• **Work instruction**: Please print the entries exactly, omitting each image.

[Entries shown]

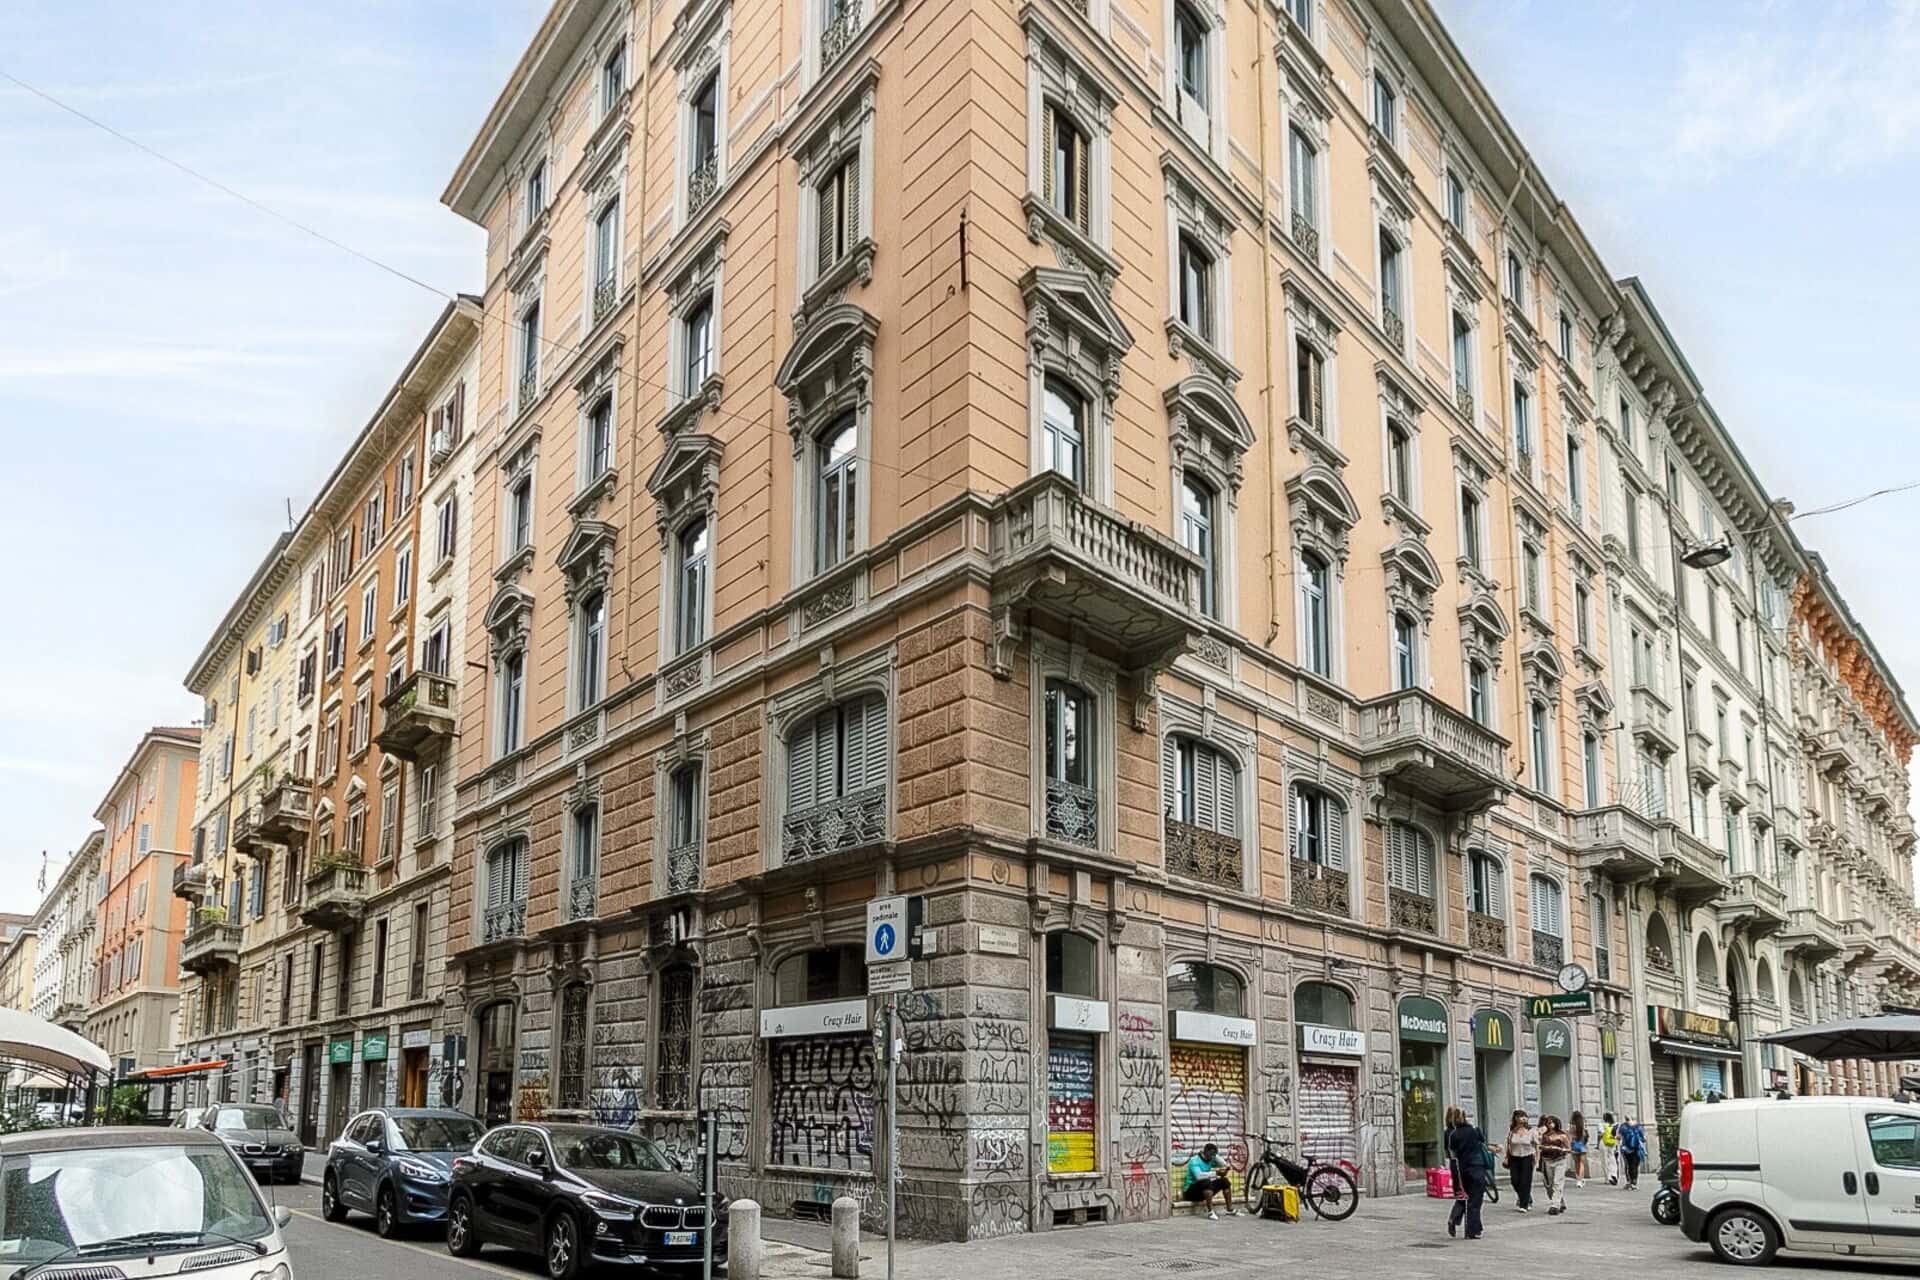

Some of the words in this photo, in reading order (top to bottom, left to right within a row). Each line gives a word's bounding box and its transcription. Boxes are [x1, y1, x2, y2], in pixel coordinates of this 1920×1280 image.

[823, 1015, 842, 1027] Crazy
[844, 1013, 862, 1025] Hair
[1400, 1014, 1447, 1034] McDonald's
[1222, 1027, 1238, 1039] Crazy
[1239, 1029, 1254, 1039] Hair
[1312, 1029, 1336, 1048] Crazy
[1338, 1032, 1358, 1047] Hair
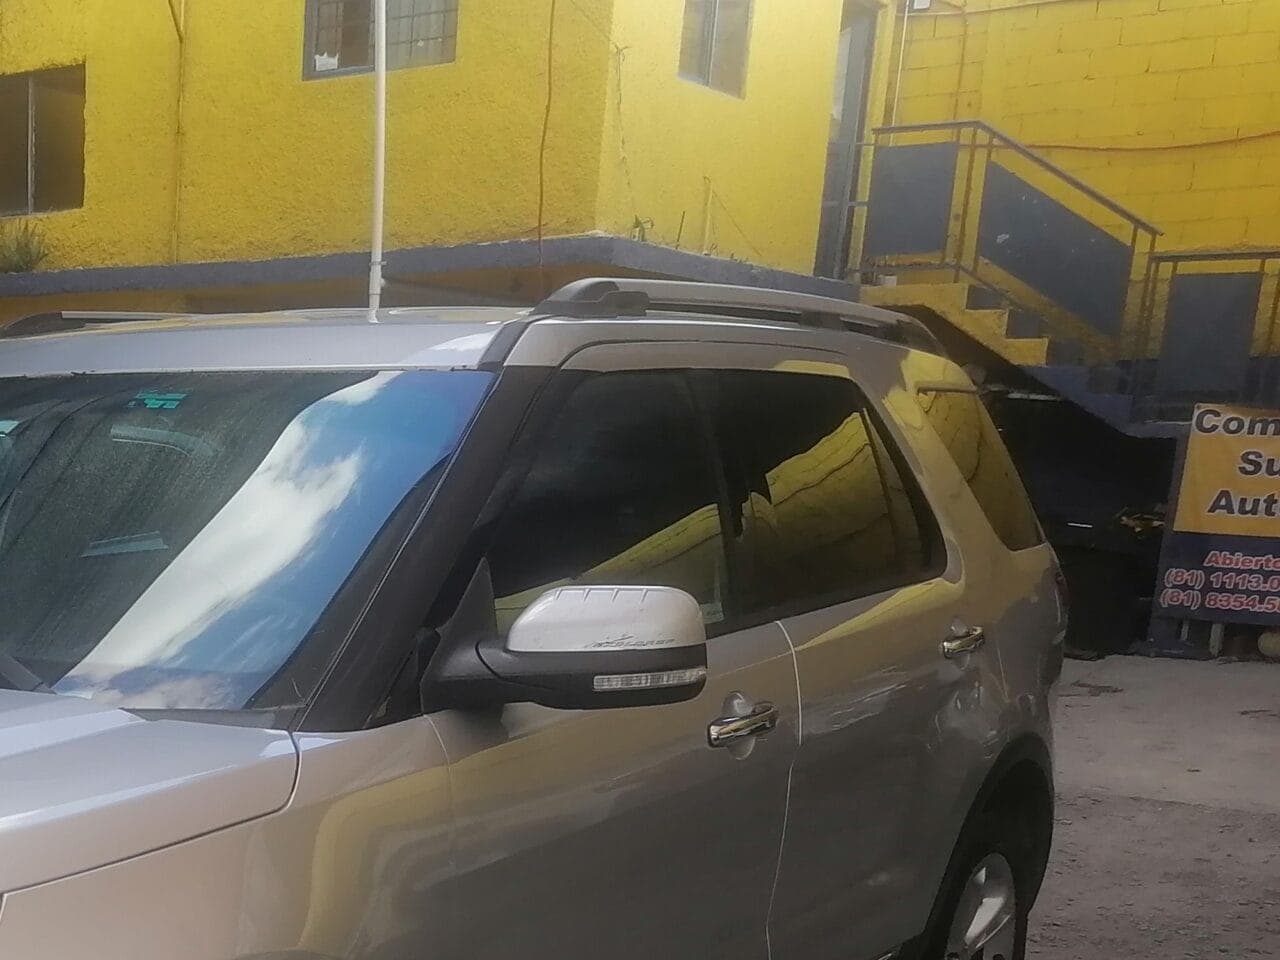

[/Entries shown]

• **Response area**:
Some of the words in this photo, in reading order (top to bottom, left to right within a row). Each line gives a word's bounding box and its transcription. Boxes are [x1, y1, x2, y2], in pixel coordinates of this 1920×1280 image.

[823, 1015, 842, 1027] Crazy
[844, 1013, 862, 1025] Hair
[1400, 1014, 1447, 1034] McDonald's
[1222, 1027, 1238, 1039] Crazy
[1239, 1029, 1254, 1039] Hair
[1312, 1029, 1336, 1048] Crazy
[1338, 1032, 1358, 1047] Hair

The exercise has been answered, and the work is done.